====== DATA SUPPLIED ======

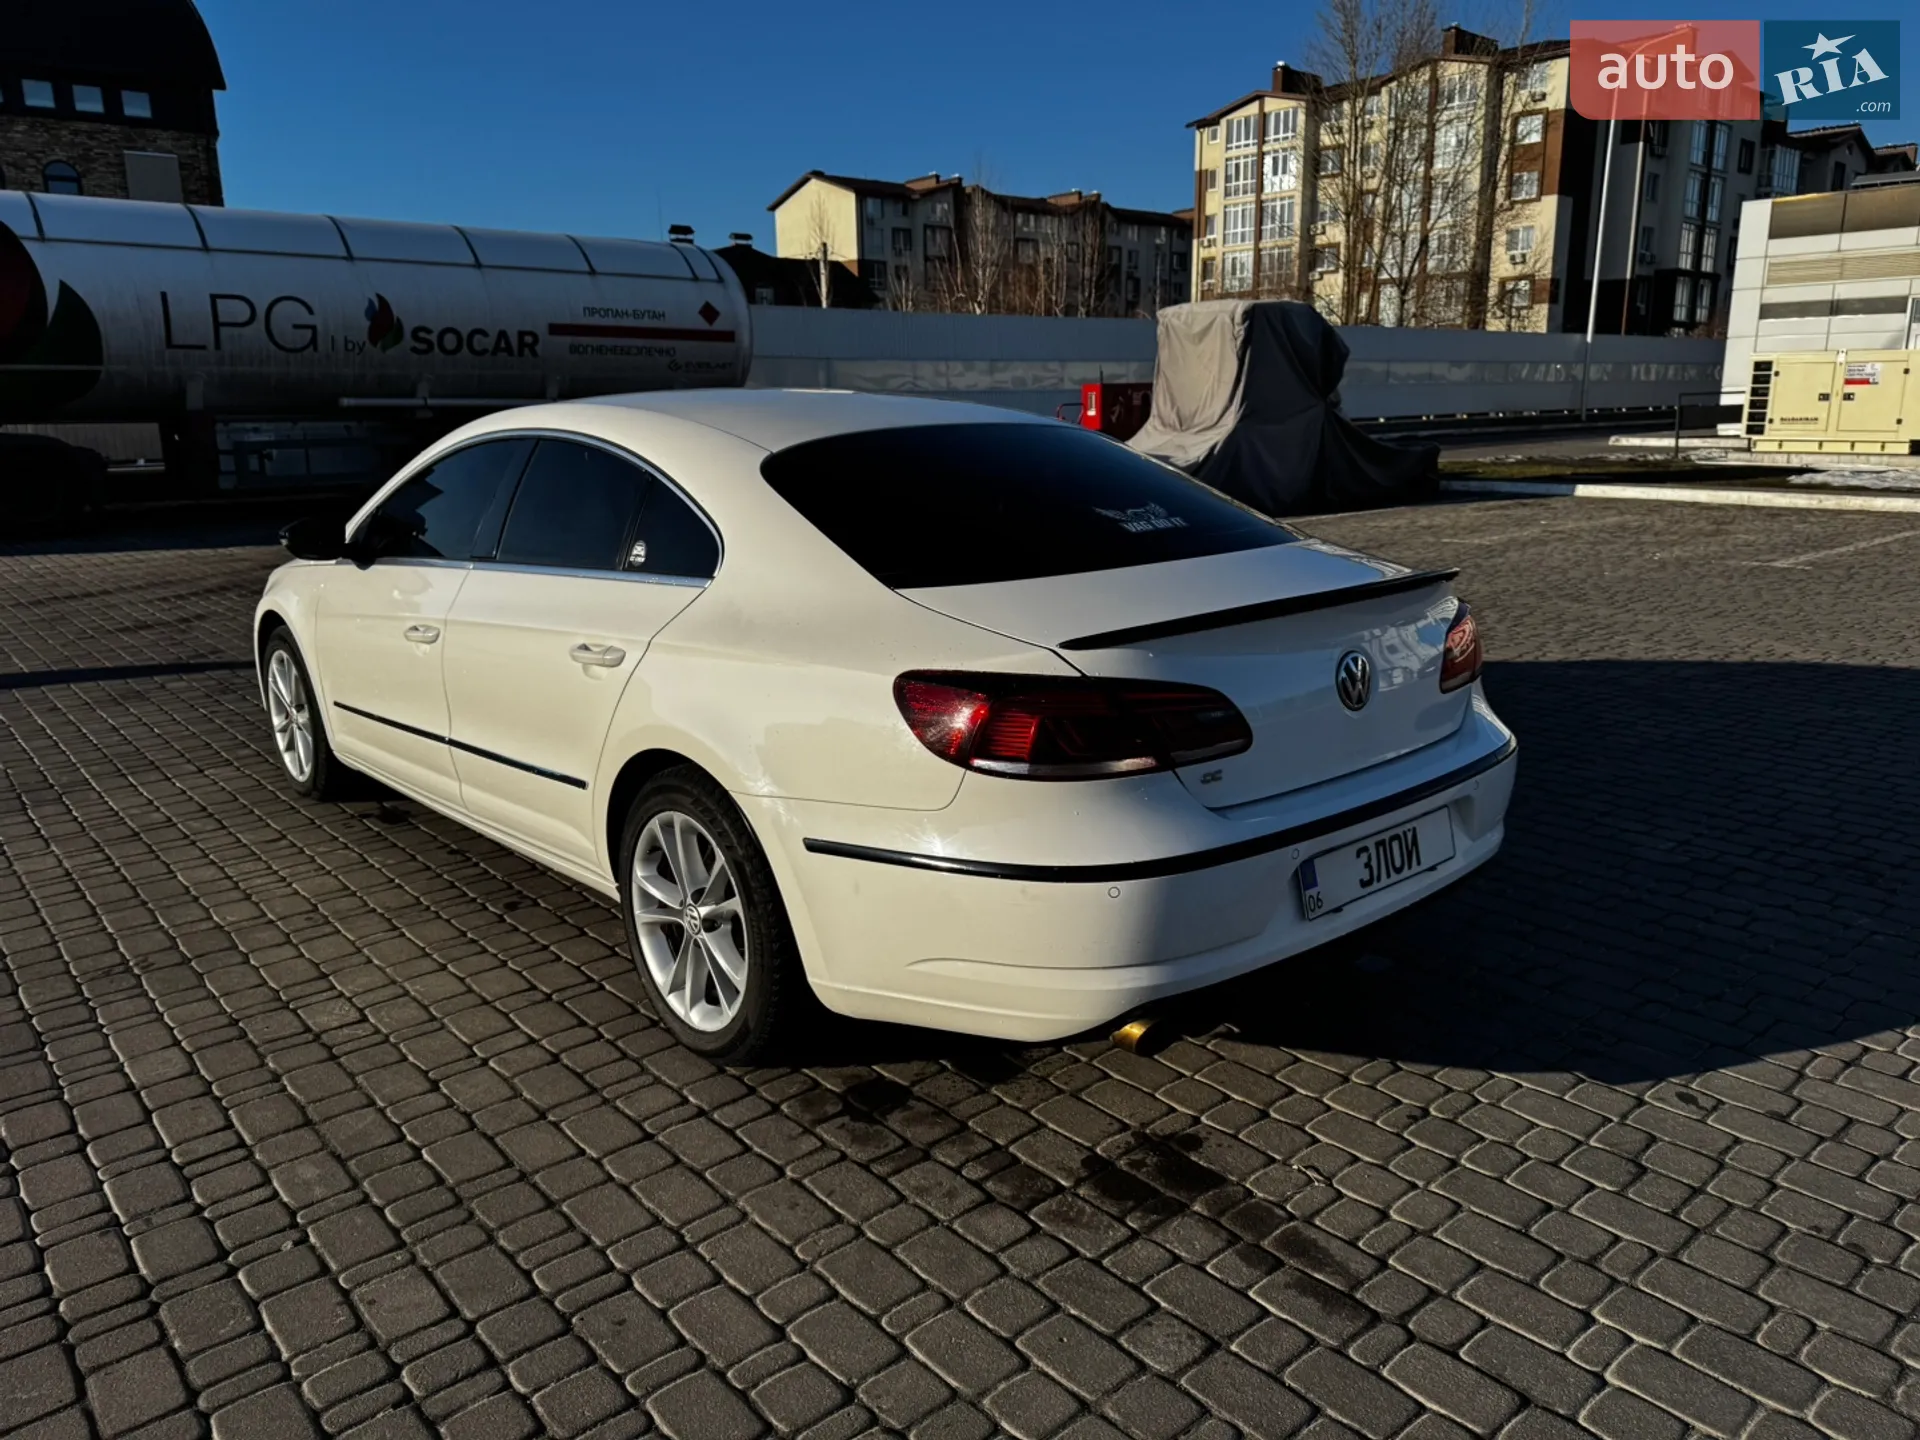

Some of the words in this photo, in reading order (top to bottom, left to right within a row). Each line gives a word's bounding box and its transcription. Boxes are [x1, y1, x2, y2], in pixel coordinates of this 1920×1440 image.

[160, 290, 319, 354] LPG
[343, 335, 367, 355] by
[409, 325, 540, 358] SOCAR
[582, 306, 666, 321] ПРОПАН-БУТАН
[1355, 826, 1421, 889] ЗЛОЙ
[1307, 891, 1324, 913] 06
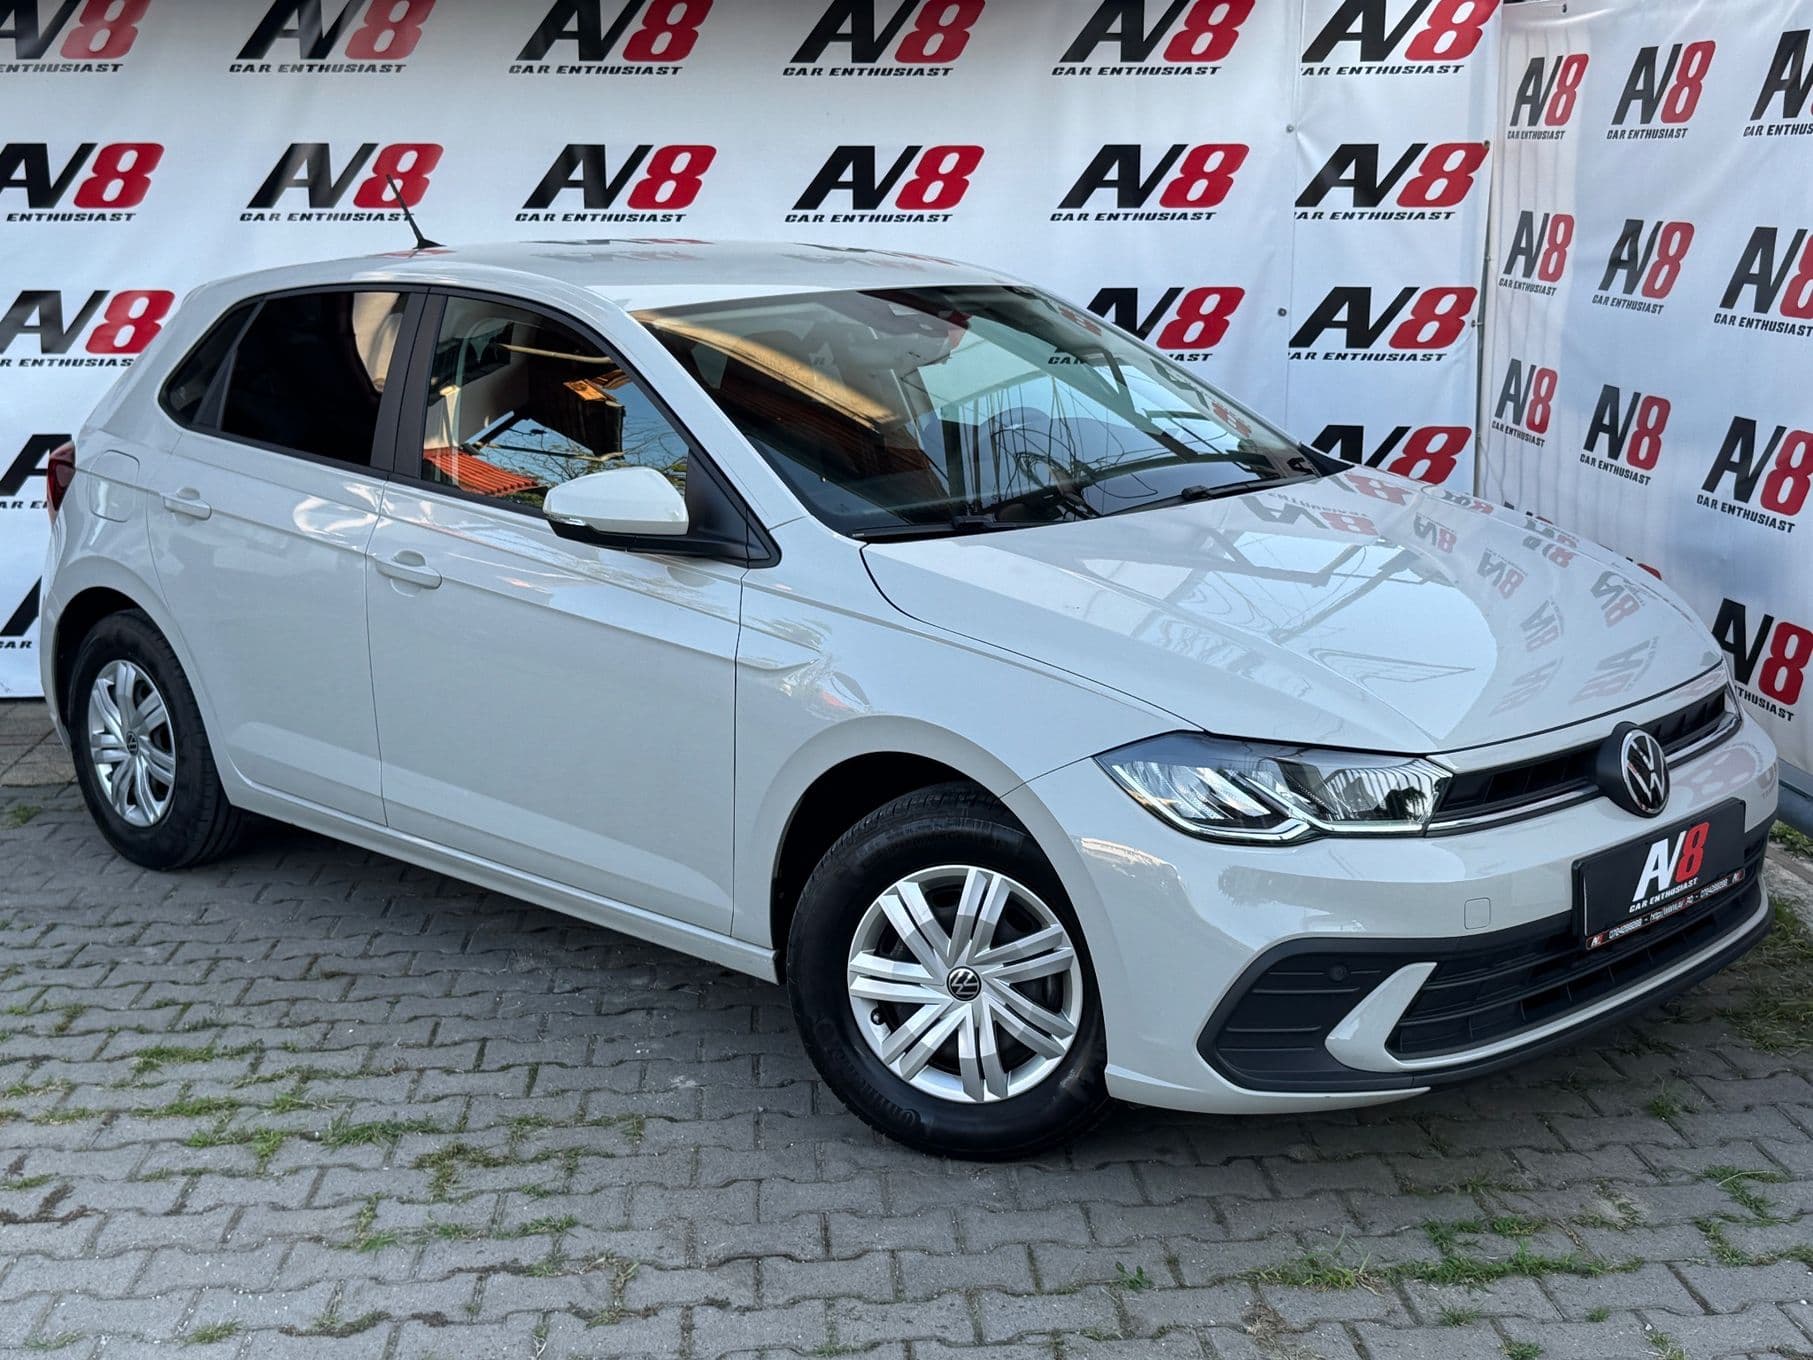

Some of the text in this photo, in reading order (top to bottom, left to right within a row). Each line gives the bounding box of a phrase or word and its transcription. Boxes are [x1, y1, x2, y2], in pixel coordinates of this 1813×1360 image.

[236, 0, 436, 59] AV8
[515, 0, 713, 62] AV8
[789, 0, 986, 64] AV8
[1059, 0, 1256, 62] AV8
[1301, 0, 1500, 63] AV8
[229, 64, 407, 73] CAR ENTHUSIAST
[508, 65, 683, 75] CAR ENTHUSIAST
[783, 67, 954, 76] CAR ENTHUSIAST
[1052, 67, 1221, 75] CAR ENTHUSIAST
[1300, 65, 1464, 76] AR ENTHUSIAST
[1611, 40, 1717, 125] AV8
[1749, 29, 1813, 120] AV
[1510, 54, 1589, 126] AV8
[1507, 130, 1566, 139] CAR ENTHUSIAST
[1606, 128, 1688, 140] CAR ENTHUSIAST
[1743, 123, 1813, 137] CAR ENTHUS
[0, 143, 165, 209] AV8
[246, 143, 444, 209] AV8
[522, 144, 717, 210] AV8
[792, 145, 985, 210] AV8
[1057, 143, 1249, 208] AV8
[1295, 143, 1490, 208] AV8
[7, 213, 136, 221] ENTHUSIAST
[240, 213, 415, 221] CAR ENTHUSIAST
[515, 214, 687, 222] CAR ENTHUSIAST
[784, 214, 953, 222] CAR ENTHUSIAST
[1050, 212, 1216, 221] CAR ENTHUSIAST
[1293, 211, 1455, 221] AR ENTHUSIAST
[1503, 210, 1575, 283] AV8
[1598, 219, 1695, 299] AV8
[1498, 278, 1557, 297] CAR ENTHUSIAST
[1592, 294, 1664, 315] CAR ENTHUSIAST
[0, 290, 175, 354] AV8
[1288, 286, 1477, 349] AV8
[1714, 312, 1813, 337] CAR ENTHUSIAST
[18, 358, 135, 367] ENTHUSIAS
[1287, 351, 1447, 362] AR ENTHUSIAST
[1494, 358, 1558, 434] AV8
[1504, 423, 1545, 448] ENTHUSIAST
[1583, 384, 1671, 471] AV8
[1580, 453, 1651, 486] CAR ENTHUSIAST
[1701, 415, 1813, 517] AV8
[1697, 495, 1796, 534] CAR ENTHUSIAST
[1735, 686, 1795, 722] THUSIAST
[1632, 822, 1710, 902] AV8
[1629, 900, 1649, 913] CAR
[1649, 876, 1698, 905] ENTHUSIAST

======

_WHAT THIS TASK INVOLVES_
Before copying, set the pictures aside; then reproduce each entry above exactly.

_ANSWER TO THIS TASK_
Some of the words in this photo, in reading order (top to bottom, left to right within a row). Each line gives a word's bounding box and its transcription. Boxes are [x1, y1, x2, y2], in pixel coordinates of this 1920×1440 image.

[160, 290, 319, 354] LPG
[343, 335, 367, 355] by
[409, 325, 540, 358] SOCAR
[582, 306, 666, 321] ПРОПАН-БУТАН
[1355, 826, 1421, 889] ЗЛОЙ
[1307, 891, 1324, 913] 06

Some of the text in this photo, in reading order (top to bottom, left to right within a row). Each line gives the bounding box of a phrase or word and its transcription. Boxes are [x1, y1, x2, y2], in pixel coordinates of this 1813×1360 image.

[236, 0, 436, 59] AV8
[515, 0, 713, 62] AV8
[789, 0, 986, 64] AV8
[1059, 0, 1256, 62] AV8
[1301, 0, 1500, 63] AV8
[229, 64, 407, 73] CAR ENTHUSIAST
[508, 65, 683, 75] CAR ENTHUSIAST
[783, 67, 954, 76] CAR ENTHUSIAST
[1052, 67, 1221, 75] CAR ENTHUSIAST
[1300, 65, 1464, 76] AR ENTHUSIAST
[1611, 40, 1717, 125] AV8
[1749, 29, 1813, 120] AV
[1510, 54, 1589, 126] AV8
[1507, 130, 1566, 139] CAR ENTHUSIAST
[1606, 128, 1688, 140] CAR ENTHUSIAST
[1743, 123, 1813, 137] CAR ENTHUS
[0, 143, 165, 209] AV8
[246, 143, 444, 209] AV8
[522, 144, 717, 210] AV8
[792, 145, 985, 210] AV8
[1057, 143, 1249, 208] AV8
[1295, 143, 1490, 208] AV8
[7, 213, 136, 221] ENTHUSIAST
[240, 213, 415, 221] CAR ENTHUSIAST
[515, 214, 687, 222] CAR ENTHUSIAST
[784, 214, 953, 222] CAR ENTHUSIAST
[1050, 212, 1216, 221] CAR ENTHUSIAST
[1293, 211, 1455, 221] AR ENTHUSIAST
[1503, 210, 1575, 283] AV8
[1598, 219, 1695, 299] AV8
[1498, 278, 1557, 297] CAR ENTHUSIAST
[1592, 294, 1664, 315] CAR ENTHUSIAST
[0, 290, 175, 354] AV8
[1288, 286, 1477, 349] AV8
[1714, 312, 1813, 337] CAR ENTHUSIAST
[18, 358, 135, 367] ENTHUSIAS
[1287, 351, 1447, 362] AR ENTHUSIAST
[1494, 358, 1558, 434] AV8
[1504, 423, 1545, 448] ENTHUSIAST
[1583, 384, 1671, 471] AV8
[1580, 453, 1651, 486] CAR ENTHUSIAST
[1701, 415, 1813, 517] AV8
[1697, 495, 1796, 534] CAR ENTHUSIAST
[1735, 686, 1795, 722] THUSIAST
[1632, 822, 1710, 902] AV8
[1629, 900, 1649, 913] CAR
[1649, 876, 1698, 905] ENTHUSIAST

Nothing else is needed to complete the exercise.